Problem: Output all of the entries below precisely as written.

Dataset entries:
========

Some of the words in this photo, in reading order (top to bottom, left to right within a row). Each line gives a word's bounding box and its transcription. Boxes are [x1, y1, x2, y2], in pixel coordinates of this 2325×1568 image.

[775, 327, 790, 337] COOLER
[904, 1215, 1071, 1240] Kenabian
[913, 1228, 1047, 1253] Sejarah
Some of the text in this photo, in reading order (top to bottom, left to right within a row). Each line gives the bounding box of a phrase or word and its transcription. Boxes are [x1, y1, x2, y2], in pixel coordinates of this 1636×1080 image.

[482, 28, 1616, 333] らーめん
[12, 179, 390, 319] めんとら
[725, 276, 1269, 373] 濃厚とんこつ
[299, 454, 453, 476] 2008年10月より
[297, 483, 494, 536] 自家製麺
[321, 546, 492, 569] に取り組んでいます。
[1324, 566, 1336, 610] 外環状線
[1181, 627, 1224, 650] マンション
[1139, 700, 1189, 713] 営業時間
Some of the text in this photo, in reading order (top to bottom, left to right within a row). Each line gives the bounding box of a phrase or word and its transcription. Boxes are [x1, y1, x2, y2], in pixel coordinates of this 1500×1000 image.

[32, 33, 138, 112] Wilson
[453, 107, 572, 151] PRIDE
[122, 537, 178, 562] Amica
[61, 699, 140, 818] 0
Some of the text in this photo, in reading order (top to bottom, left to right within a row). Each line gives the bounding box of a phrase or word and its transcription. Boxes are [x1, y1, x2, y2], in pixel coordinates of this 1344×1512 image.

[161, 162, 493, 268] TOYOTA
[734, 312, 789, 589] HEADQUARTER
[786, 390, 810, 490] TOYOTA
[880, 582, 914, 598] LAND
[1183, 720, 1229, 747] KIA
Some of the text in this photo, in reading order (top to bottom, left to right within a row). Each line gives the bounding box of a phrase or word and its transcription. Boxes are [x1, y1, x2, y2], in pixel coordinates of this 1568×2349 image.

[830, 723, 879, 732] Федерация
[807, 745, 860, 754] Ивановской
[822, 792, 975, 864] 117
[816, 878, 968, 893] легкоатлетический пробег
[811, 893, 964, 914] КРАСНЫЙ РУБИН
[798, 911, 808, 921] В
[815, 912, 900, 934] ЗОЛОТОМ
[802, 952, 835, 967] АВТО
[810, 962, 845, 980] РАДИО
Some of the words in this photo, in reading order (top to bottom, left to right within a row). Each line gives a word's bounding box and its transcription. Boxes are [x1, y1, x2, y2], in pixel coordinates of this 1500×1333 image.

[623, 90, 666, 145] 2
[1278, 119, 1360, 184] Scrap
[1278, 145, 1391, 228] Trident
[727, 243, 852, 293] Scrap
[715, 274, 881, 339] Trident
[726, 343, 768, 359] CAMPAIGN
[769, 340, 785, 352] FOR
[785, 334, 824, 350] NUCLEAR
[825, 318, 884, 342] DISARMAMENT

========

Answer section:
Some of the words in this photo, in reading order (top to bottom, left to right within a row). Each line gives a word's bounding box and its transcription. Boxes are [x1, y1, x2, y2], in pixel coordinates of this 2325×1568 image.

[775, 327, 790, 337] COOLER
[904, 1215, 1071, 1240] Kenabian
[913, 1228, 1047, 1253] Sejarah
Some of the text in this photo, in reading order (top to bottom, left to right within a row). Each line gives the bounding box of a phrase or word and its transcription. Boxes are [x1, y1, x2, y2], in pixel coordinates of this 1636×1080 image.

[482, 28, 1616, 333] らーめん
[12, 179, 390, 319] めんとら
[725, 276, 1269, 373] 濃厚とんこつ
[299, 454, 453, 476] 2008年10月より
[297, 483, 494, 536] 自家製麺
[321, 546, 492, 569] に取り組んでいます。
[1324, 566, 1336, 610] 外環状線
[1181, 627, 1224, 650] マンション
[1139, 700, 1189, 713] 営業時間
Some of the text in this photo, in reading order (top to bottom, left to right within a row). Each line gives the bounding box of a phrase or word and its transcription. Boxes are [x1, y1, x2, y2], in pixel coordinates of this 1500×1000 image.

[32, 33, 138, 112] Wilson
[453, 107, 572, 151] PRIDE
[122, 537, 178, 562] Amica
[61, 699, 140, 818] 0
Some of the text in this photo, in reading order (top to bottom, left to right within a row). Each line gives the bounding box of a phrase or word and its transcription. Boxes are [x1, y1, x2, y2], in pixel coordinates of this 1344×1512 image.

[161, 162, 493, 268] TOYOTA
[734, 312, 789, 589] HEADQUARTER
[786, 390, 810, 490] TOYOTA
[880, 582, 914, 598] LAND
[1183, 720, 1229, 747] KIA
Some of the text in this photo, in reading order (top to bottom, left to right within a row). Each line gives the bounding box of a phrase or word and its transcription. Boxes are [x1, y1, x2, y2], in pixel coordinates of this 1568×2349 image.

[830, 723, 879, 732] Федерация
[807, 745, 860, 754] Ивановской
[822, 792, 975, 864] 117
[816, 878, 968, 893] легкоатлетический пробег
[811, 893, 964, 914] КРАСНЫЙ РУБИН
[798, 911, 808, 921] В
[815, 912, 900, 934] ЗОЛОТОМ
[802, 952, 835, 967] АВТО
[810, 962, 845, 980] РАДИО
Some of the words in this photo, in reading order (top to bottom, left to right within a row). Each line gives a word's bounding box and its transcription. Boxes are [x1, y1, x2, y2], in pixel coordinates of this 1500×1333 image.

[623, 90, 666, 145] 2
[1278, 119, 1360, 184] Scrap
[1278, 145, 1391, 228] Trident
[727, 243, 852, 293] Scrap
[715, 274, 881, 339] Trident
[726, 343, 768, 359] CAMPAIGN
[769, 340, 785, 352] FOR
[785, 334, 824, 350] NUCLEAR
[825, 318, 884, 342] DISARMAMENT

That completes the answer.